Oxfam calls for food companies to ensure responsible sourcingNovember 2013
Some of the biggest names in the food and drink industry are not doing enough to stop poor people from being forced from their land to make way to grow crops, according to a new report from Oxfam.
The report, Nothing sweet about it: How sugar fuels land grabs, illustrates how people are at risk of losing their homes and land in a rush to feed consumers’ appetite for sugar.
Oxfam is calling for the companies to tighten their supply chains so the ingredients they use in their products are not grown on land that has been grabbed from communities that depend on it for their survival. ??
Oxfam’s chief executive Mark Goldring said: “We all need reassurance that what we are consuming is not contributing to the world’s most vulnerable being evicted from their land without consent or compensation. Large corporations must take responsibility to ensure that their goods are not tainted by this scandal happening in remote places many miles from the board room.”??
Sugar production is predicted to increase by 25% by 2020. The global sugar trade is worth around £29bn. The world produced 176 million tonnes of sugar last year and the food and drinks industry accounts for more than half of it. While our increasing appetite for sugar has health experts ringing alarm bells, Oxfam says it has largely gone unnoticed that the sugar trade is also helping to fuel the problem of land grabs and disputes.
Oxfam has evidence of land grabs and conflicts in Cambodia and Brazil including a fishing community in Pernambuco State, Brazil fighting for access to their land and fishing grounds, after having been evicted in 1998 to make way for a sugar mill.

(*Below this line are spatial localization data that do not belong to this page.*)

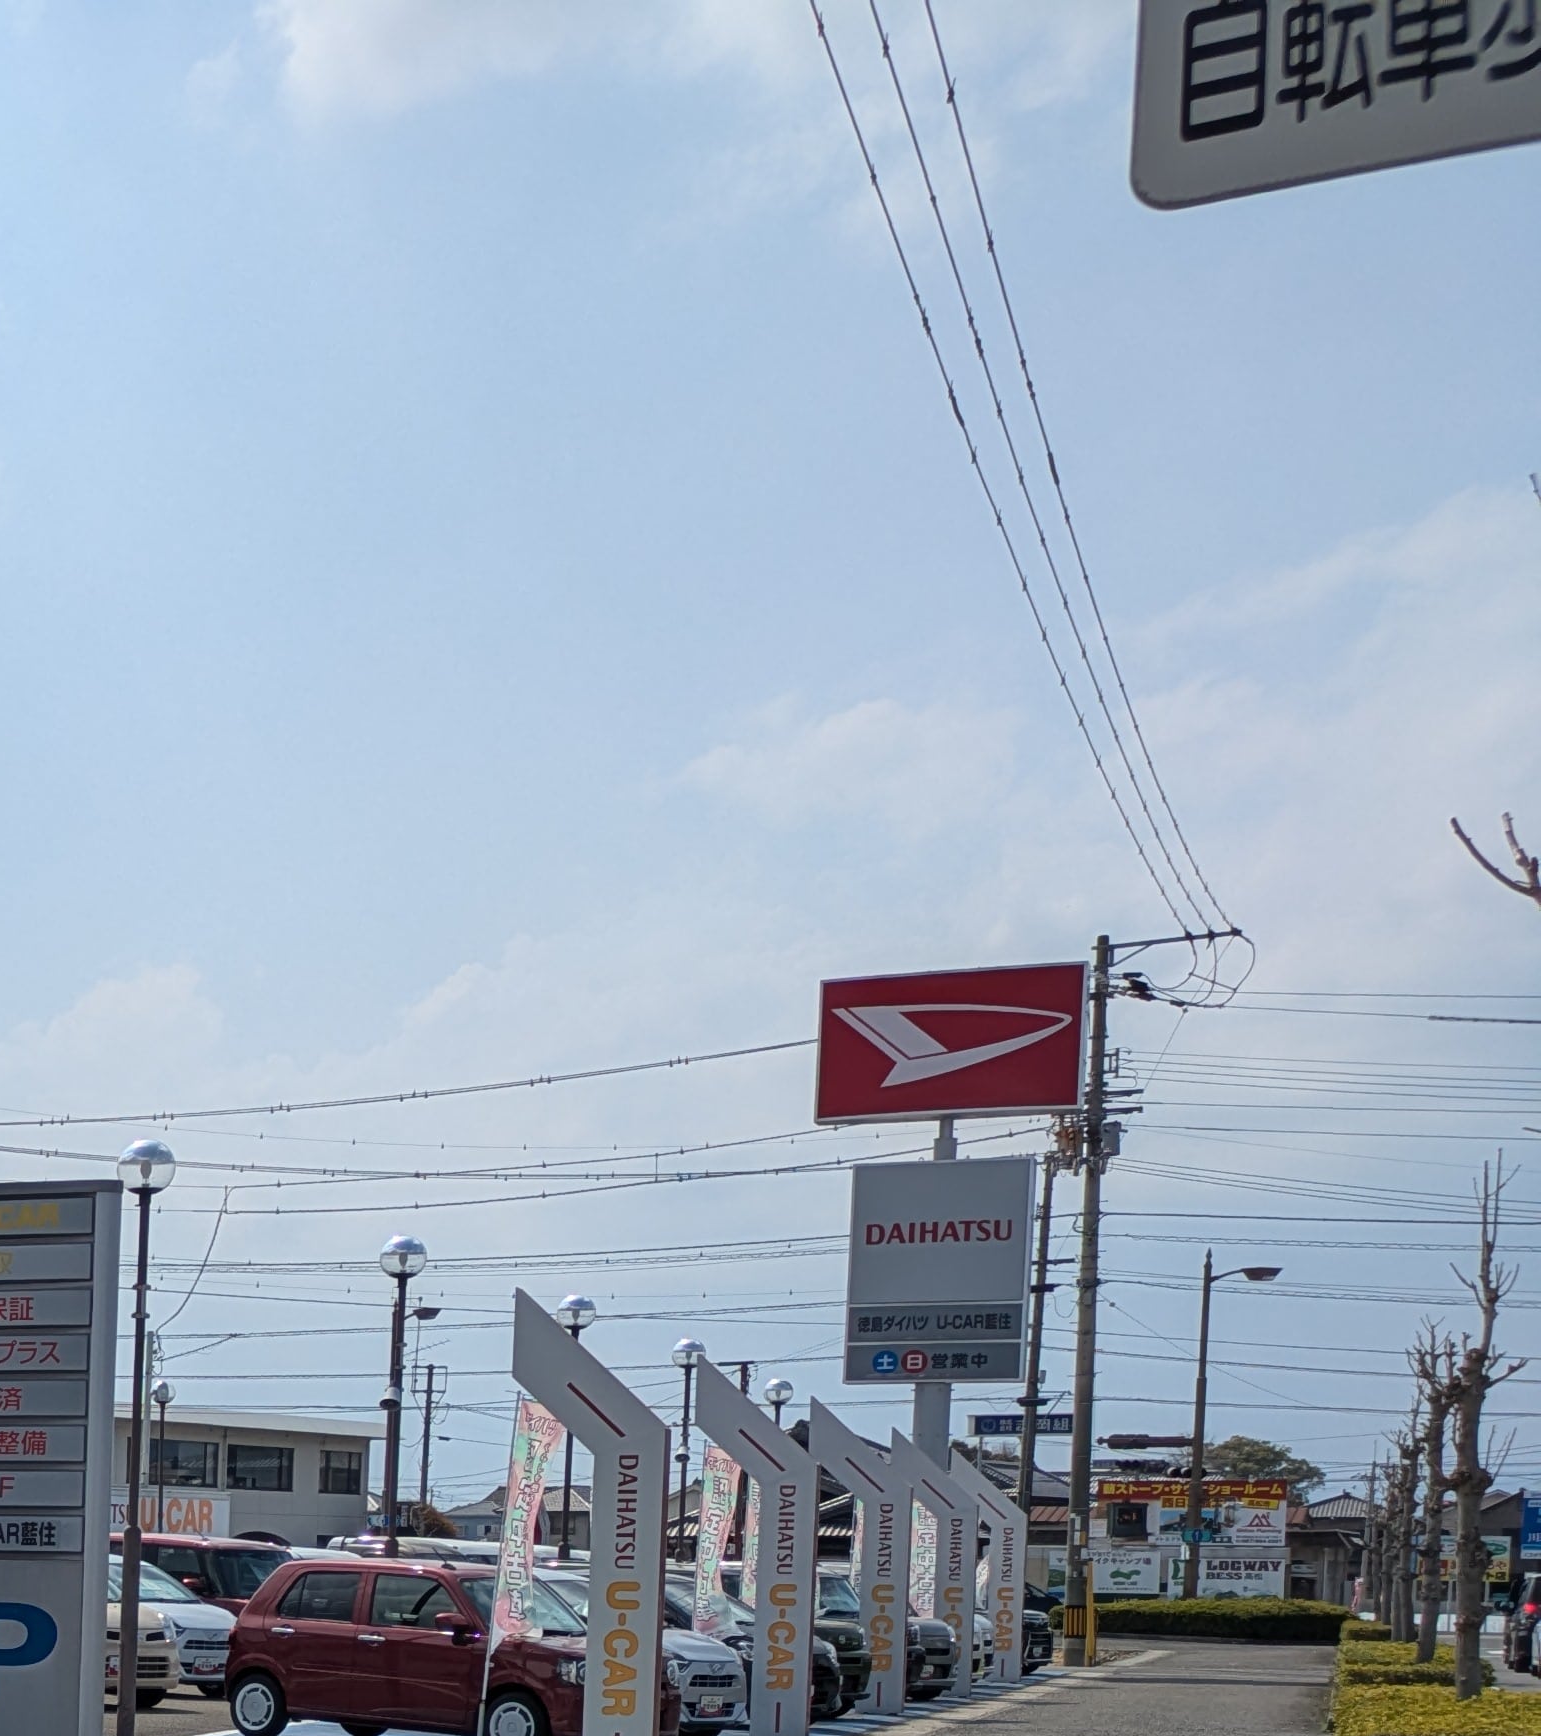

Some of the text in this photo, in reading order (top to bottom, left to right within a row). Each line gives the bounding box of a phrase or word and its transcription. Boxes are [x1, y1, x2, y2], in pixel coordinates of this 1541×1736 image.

[866, 1219, 1013, 1246] DAIHATSU
[858, 1315, 929, 1334] 徳島ダイハツ
[141, 1497, 214, 1534] UCAR
[949, 1518, 964, 1582] DAIHATSU
[1206, 1560, 1282, 1572] LOGWAY
[602, 1454, 641, 1717] DAIHATSU U-CAR
[767, 1484, 797, 1691] DAIHATSU U-CAR
[870, 1503, 896, 1673] DAIHATSU U-CAR
[994, 1527, 1014, 1653] DAIHATSU U-CAR
[1206, 1572, 1242, 1580] BESS

The report references several companies including Associated British Foods (ABF) and Coca Cola.
A statement from ABF said: “The company is unclear why it has been included in this publication, given there is no evidence at all of any ‘land grabs’ on its behalf. In South Africa, Illovo (ABF’s African subsidiary) has distributed more company-owned cane land to black farmers than any other sugar company in that country and did so voluntarily, earlier than required by legislation. It has a fine record of working with those farmers to ensure the continued commercial viability of that land and it runs important and innovative programs with government and with famers in KwaZulu-Natal to ensure the long-term sustainability of farms now under black ownership.”
Coca-Cola said in a statement: “We are asking our suppliers to recognise and safeguard the rights of communities to maintain access to land and natural resources. We are working to promote respect for human and workplace rights by the farm and the employer of workers at the farm, whether or not the employer is the farm itself. We have agreed to convene a facilitated stakeholder dialogue to discuss Oxfam’s overall findings.”